Pain should not exceed 3/10 whilst completing this exercise programme.

Perform this exercise up to 10 times, rest for 1 minute. Repeat routine 2-3 times.

1. Pelvic tilts

  • Lie on your back on the floor or bed with your knees bent at 90 degrees and your feet on the floor and your arms down by your side.
  • Try and engage your stomach muscles to flatten your lower back against the floor/bed.
  • Next try and arch your lower back as if you were going to try and place your hand in the small of your back.
  • Repeat this moving constantly between a flat back and an arch back in a slow and continuous motion.
Perform this exercise up to 10 times, rest for 1 minute.

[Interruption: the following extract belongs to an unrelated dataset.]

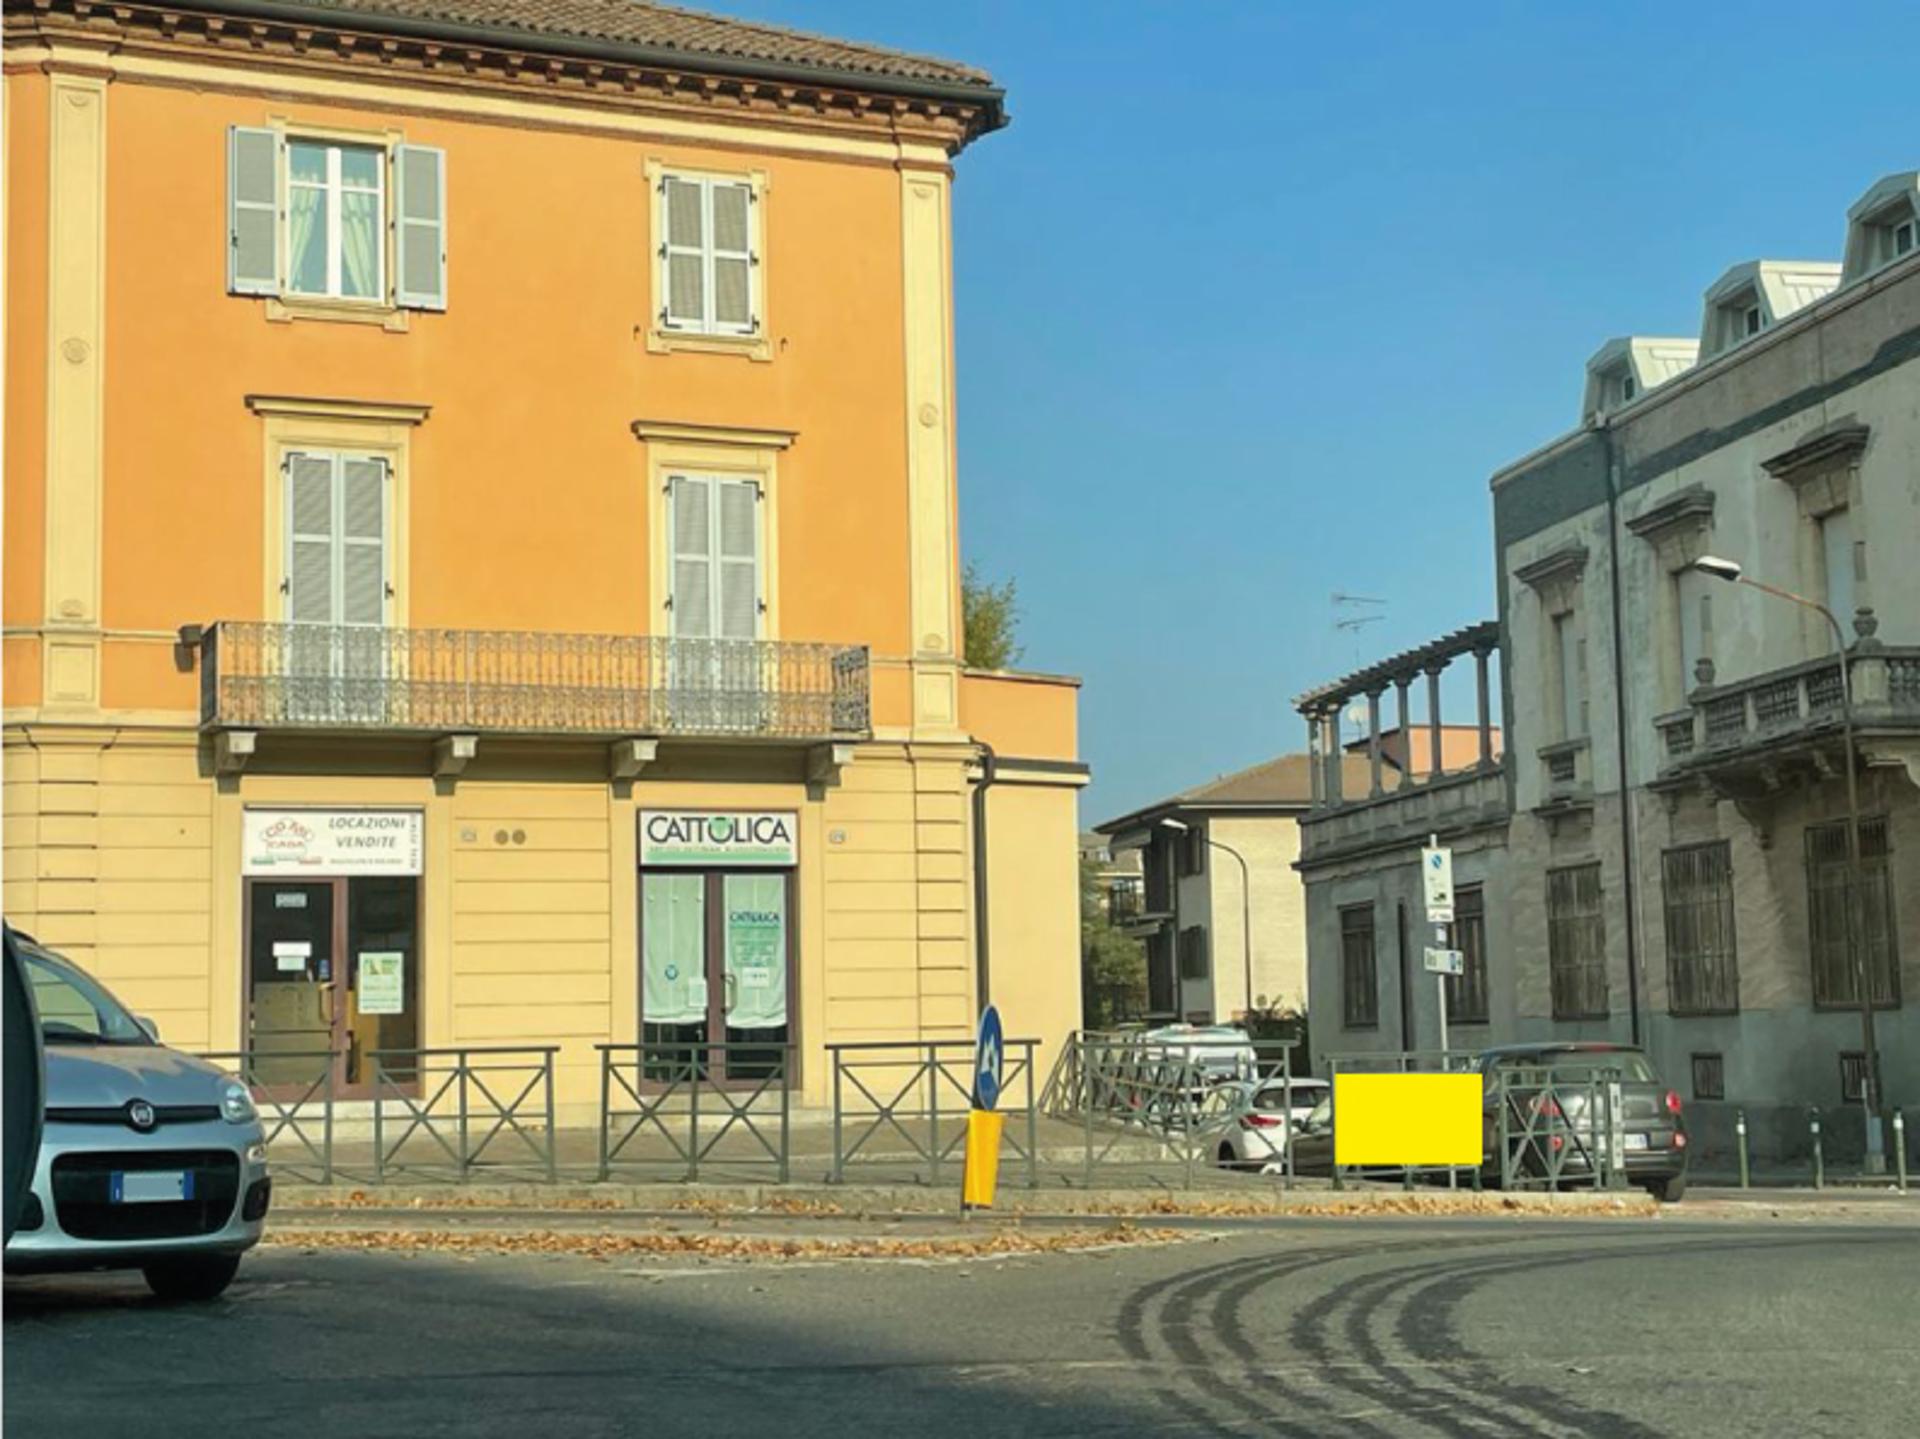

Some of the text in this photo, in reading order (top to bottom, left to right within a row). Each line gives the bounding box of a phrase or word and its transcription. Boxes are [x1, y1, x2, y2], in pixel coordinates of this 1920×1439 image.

Repeat routine 2-3 times.

2. Child's pose stretch

  • Start in a kneeling position.
  • From here reach your hands out as far in front of you as possible on the floor with one hand on top of the other.
  • Now sit slowly backwards onto your heels until you feel a stretch in your back.
  • Note: If you cannot kneel then this exercise can also be done in standing with your hands in front of you on the kitchen table or worktop.
  • Hold for 20 seconds relaxing into the position.
Perform this exercise up to 10 times, rest for 1 minute. Repeat routine 2-3 times.

3. Bridge in lying

  • Lie on your back on the floor or bed with your knees bent at 90 degrees and your feet on the floor and your arms down by your side.
  • Push your heels down into the floor to gently lift your hips upwards. Lift as high as you feel comfortable but no higher than a straight line between hips, knees and shoulders.
  • If you feel discomfort, then try squeezing your tummy and bum muscles before starting the lift.
  • Hold at the top for 5 seconds.
  • Push up as far as you feel comfortable, and pain and stiffness allow.

We recommend consulting a musculoskeletal physiotherapist to ensure exercises are best suited to your recovery. If you are carrying out an exercise regime without consulting a healthcare professional, you do so at your own risk. If you have any concerns whilst completing these exercises, please contact a healthcare professional.